WORK TO BE COMPLETED —
Write out the data exactly, keeping every line.
##### SOURCE MATERIAL
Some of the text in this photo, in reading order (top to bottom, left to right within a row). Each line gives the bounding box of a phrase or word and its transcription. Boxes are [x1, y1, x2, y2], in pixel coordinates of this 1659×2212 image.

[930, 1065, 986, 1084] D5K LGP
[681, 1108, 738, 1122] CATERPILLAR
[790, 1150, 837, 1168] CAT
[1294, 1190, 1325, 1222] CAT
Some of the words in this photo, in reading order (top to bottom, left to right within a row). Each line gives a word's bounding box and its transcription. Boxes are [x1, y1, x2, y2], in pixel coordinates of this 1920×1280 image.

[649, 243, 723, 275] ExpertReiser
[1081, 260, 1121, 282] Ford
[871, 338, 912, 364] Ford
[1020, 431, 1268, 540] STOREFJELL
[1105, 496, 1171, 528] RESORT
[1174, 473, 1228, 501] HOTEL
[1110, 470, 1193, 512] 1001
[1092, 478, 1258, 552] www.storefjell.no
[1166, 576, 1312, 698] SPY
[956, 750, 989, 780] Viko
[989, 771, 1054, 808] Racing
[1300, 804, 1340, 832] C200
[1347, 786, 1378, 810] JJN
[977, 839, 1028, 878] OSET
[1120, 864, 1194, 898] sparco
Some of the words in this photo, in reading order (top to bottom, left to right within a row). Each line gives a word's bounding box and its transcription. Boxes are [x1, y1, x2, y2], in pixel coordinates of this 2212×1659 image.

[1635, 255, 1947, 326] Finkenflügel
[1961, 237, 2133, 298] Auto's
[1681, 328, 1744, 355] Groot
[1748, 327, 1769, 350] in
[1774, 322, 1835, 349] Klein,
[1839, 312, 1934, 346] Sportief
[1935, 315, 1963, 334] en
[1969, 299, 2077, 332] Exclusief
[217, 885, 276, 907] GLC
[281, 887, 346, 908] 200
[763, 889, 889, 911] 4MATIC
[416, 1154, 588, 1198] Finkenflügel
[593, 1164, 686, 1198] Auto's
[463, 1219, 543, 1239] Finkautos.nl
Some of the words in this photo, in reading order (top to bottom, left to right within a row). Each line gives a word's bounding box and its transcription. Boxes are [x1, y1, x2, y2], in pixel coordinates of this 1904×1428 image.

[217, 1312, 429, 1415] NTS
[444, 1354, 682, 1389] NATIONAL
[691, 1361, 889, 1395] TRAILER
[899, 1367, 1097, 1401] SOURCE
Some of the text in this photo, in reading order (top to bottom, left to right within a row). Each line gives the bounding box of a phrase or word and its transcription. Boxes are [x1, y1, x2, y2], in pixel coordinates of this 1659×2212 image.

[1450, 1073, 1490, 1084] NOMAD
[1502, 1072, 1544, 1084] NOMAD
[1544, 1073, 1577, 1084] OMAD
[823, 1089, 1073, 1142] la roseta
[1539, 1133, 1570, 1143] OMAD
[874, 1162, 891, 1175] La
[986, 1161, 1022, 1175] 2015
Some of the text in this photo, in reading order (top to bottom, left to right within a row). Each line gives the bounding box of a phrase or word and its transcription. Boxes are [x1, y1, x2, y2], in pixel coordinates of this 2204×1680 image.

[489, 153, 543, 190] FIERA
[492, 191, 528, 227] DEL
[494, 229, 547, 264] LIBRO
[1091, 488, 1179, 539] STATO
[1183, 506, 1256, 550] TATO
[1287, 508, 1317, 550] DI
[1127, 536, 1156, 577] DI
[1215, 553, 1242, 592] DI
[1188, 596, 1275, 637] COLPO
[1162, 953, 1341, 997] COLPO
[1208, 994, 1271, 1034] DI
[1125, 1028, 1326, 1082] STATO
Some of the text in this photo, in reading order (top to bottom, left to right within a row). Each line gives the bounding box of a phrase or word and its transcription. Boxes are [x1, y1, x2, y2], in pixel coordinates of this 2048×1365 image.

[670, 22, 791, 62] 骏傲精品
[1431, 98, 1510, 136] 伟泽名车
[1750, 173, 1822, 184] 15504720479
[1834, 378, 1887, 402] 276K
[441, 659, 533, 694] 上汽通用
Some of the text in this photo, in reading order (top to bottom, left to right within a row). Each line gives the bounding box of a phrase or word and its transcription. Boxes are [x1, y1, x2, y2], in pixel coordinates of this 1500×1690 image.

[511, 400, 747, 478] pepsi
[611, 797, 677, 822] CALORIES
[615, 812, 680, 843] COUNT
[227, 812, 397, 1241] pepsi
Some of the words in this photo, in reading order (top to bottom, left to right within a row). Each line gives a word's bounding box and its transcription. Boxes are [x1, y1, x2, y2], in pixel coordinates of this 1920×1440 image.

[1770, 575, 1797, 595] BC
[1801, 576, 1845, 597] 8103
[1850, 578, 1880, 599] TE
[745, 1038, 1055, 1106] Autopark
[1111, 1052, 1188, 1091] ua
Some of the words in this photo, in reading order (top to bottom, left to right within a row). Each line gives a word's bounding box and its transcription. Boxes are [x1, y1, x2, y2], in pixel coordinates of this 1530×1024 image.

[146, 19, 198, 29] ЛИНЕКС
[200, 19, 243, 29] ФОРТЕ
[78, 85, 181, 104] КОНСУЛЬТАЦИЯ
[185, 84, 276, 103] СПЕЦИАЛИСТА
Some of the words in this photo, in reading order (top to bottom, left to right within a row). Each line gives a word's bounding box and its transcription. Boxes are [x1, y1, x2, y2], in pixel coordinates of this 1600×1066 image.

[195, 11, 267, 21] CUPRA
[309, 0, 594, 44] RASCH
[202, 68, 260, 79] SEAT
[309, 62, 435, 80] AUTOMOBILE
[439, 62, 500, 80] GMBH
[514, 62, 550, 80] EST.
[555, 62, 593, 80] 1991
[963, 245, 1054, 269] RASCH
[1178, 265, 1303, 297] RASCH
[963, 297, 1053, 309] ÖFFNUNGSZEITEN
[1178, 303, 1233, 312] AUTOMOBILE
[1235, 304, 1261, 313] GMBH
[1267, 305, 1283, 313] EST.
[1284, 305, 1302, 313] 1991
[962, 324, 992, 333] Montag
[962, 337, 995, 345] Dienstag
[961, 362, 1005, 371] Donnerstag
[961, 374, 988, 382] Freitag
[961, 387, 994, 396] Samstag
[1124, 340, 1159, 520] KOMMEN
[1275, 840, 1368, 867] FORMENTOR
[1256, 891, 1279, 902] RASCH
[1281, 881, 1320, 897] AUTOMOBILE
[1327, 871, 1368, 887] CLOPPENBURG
##########
EXERCISE RESULT —
Some of the text in this photo, in reading order (top to bottom, left to right within a row). Each line gives the bounding box of a phrase or word and its transcription. Boxes are [x1, y1, x2, y2], in pixel coordinates of this 1659×2212 image.

[930, 1065, 986, 1084] D5K LGP
[681, 1108, 738, 1122] CATERPILLAR
[790, 1150, 837, 1168] CAT
[1294, 1190, 1325, 1222] CAT
Some of the words in this photo, in reading order (top to bottom, left to right within a row). Each line gives a word's bounding box and its transcription. Boxes are [x1, y1, x2, y2], in pixel coordinates of this 1920×1280 image.

[649, 243, 723, 275] ExpertReiser
[1081, 260, 1121, 282] Ford
[871, 338, 912, 364] Ford
[1020, 431, 1268, 540] STOREFJELL
[1105, 496, 1171, 528] RESORT
[1174, 473, 1228, 501] HOTEL
[1110, 470, 1193, 512] 1001
[1092, 478, 1258, 552] www.storefjell.no
[1166, 576, 1312, 698] SPY
[956, 750, 989, 780] Viko
[989, 771, 1054, 808] Racing
[1300, 804, 1340, 832] C200
[1347, 786, 1378, 810] JJN
[977, 839, 1028, 878] OSET
[1120, 864, 1194, 898] sparco
Some of the words in this photo, in reading order (top to bottom, left to right within a row). Each line gives a word's bounding box and its transcription. Boxes are [x1, y1, x2, y2], in pixel coordinates of this 2212×1659 image.

[1635, 255, 1947, 326] Finkenflügel
[1961, 237, 2133, 298] Auto's
[1681, 328, 1744, 355] Groot
[1748, 327, 1769, 350] in
[1774, 322, 1835, 349] Klein,
[1839, 312, 1934, 346] Sportief
[1935, 315, 1963, 334] en
[1969, 299, 2077, 332] Exclusief
[217, 885, 276, 907] GLC
[281, 887, 346, 908] 200
[763, 889, 889, 911] 4MATIC
[416, 1154, 588, 1198] Finkenflügel
[593, 1164, 686, 1198] Auto's
[463, 1219, 543, 1239] Finkautos.nl
Some of the words in this photo, in reading order (top to bottom, left to right within a row). Each line gives a word's bounding box and its transcription. Boxes are [x1, y1, x2, y2], in pixel coordinates of this 1904×1428 image.

[217, 1312, 429, 1415] NTS
[444, 1354, 682, 1389] NATIONAL
[691, 1361, 889, 1395] TRAILER
[899, 1367, 1097, 1401] SOURCE
Some of the text in this photo, in reading order (top to bottom, left to right within a row). Each line gives the bounding box of a phrase or word and its transcription. Boxes are [x1, y1, x2, y2], in pixel coordinates of this 1659×2212 image.

[1450, 1073, 1490, 1084] NOMAD
[1502, 1072, 1544, 1084] NOMAD
[1544, 1073, 1577, 1084] OMAD
[823, 1089, 1073, 1142] la roseta
[1539, 1133, 1570, 1143] OMAD
[874, 1162, 891, 1175] La
[986, 1161, 1022, 1175] 2015
Some of the text in this photo, in reading order (top to bottom, left to right within a row). Each line gives the bounding box of a phrase or word and its transcription. Boxes are [x1, y1, x2, y2], in pixel coordinates of this 2204×1680 image.

[489, 153, 543, 190] FIERA
[492, 191, 528, 227] DEL
[494, 229, 547, 264] LIBRO
[1091, 488, 1179, 539] STATO
[1183, 506, 1256, 550] TATO
[1287, 508, 1317, 550] DI
[1127, 536, 1156, 577] DI
[1215, 553, 1242, 592] DI
[1188, 596, 1275, 637] COLPO
[1162, 953, 1341, 997] COLPO
[1208, 994, 1271, 1034] DI
[1125, 1028, 1326, 1082] STATO
Some of the text in this photo, in reading order (top to bottom, left to right within a row). Each line gives the bounding box of a phrase or word and its transcription. Boxes are [x1, y1, x2, y2], in pixel coordinates of this 2048×1365 image.

[670, 22, 791, 62] 骏傲精品
[1431, 98, 1510, 136] 伟泽名车
[1750, 173, 1822, 184] 15504720479
[1834, 378, 1887, 402] 276K
[441, 659, 533, 694] 上汽通用
Some of the text in this photo, in reading order (top to bottom, left to right within a row). Each line gives the bounding box of a phrase or word and its transcription. Boxes are [x1, y1, x2, y2], in pixel coordinates of this 1500×1690 image.

[511, 400, 747, 478] pepsi
[611, 797, 677, 822] CALORIES
[615, 812, 680, 843] COUNT
[227, 812, 397, 1241] pepsi
Some of the words in this photo, in reading order (top to bottom, left to right within a row). Each line gives a word's bounding box and its transcription. Boxes are [x1, y1, x2, y2], in pixel coordinates of this 1920×1440 image.

[1770, 575, 1797, 595] BC
[1801, 576, 1845, 597] 8103
[1850, 578, 1880, 599] TE
[745, 1038, 1055, 1106] Autopark
[1111, 1052, 1188, 1091] ua
Some of the words in this photo, in reading order (top to bottom, left to right within a row). Each line gives a word's bounding box and its transcription. Boxes are [x1, y1, x2, y2], in pixel coordinates of this 1530×1024 image.

[146, 19, 198, 29] ЛИНЕКС
[200, 19, 243, 29] ФОРТЕ
[78, 85, 181, 104] КОНСУЛЬТАЦИЯ
[185, 84, 276, 103] СПЕЦИАЛИСТА
Some of the words in this photo, in reading order (top to bottom, left to right within a row). Each line gives a word's bounding box and its transcription. Boxes are [x1, y1, x2, y2], in pixel coordinates of this 1600×1066 image.

[195, 11, 267, 21] CUPRA
[309, 0, 594, 44] RASCH
[202, 68, 260, 79] SEAT
[309, 62, 435, 80] AUTOMOBILE
[439, 62, 500, 80] GMBH
[514, 62, 550, 80] EST.
[555, 62, 593, 80] 1991
[963, 245, 1054, 269] RASCH
[1178, 265, 1303, 297] RASCH
[963, 297, 1053, 309] ÖFFNUNGSZEITEN
[1178, 303, 1233, 312] AUTOMOBILE
[1235, 304, 1261, 313] GMBH
[1267, 305, 1283, 313] EST.
[1284, 305, 1302, 313] 1991
[962, 324, 992, 333] Montag
[962, 337, 995, 345] Dienstag
[961, 362, 1005, 371] Donnerstag
[961, 374, 988, 382] Freitag
[961, 387, 994, 396] Samstag
[1124, 340, 1159, 520] KOMMEN
[1275, 840, 1368, 867] FORMENTOR
[1256, 891, 1279, 902] RASCH
[1281, 881, 1320, 897] AUTOMOBILE
[1327, 871, 1368, 887] CLOPPENBURG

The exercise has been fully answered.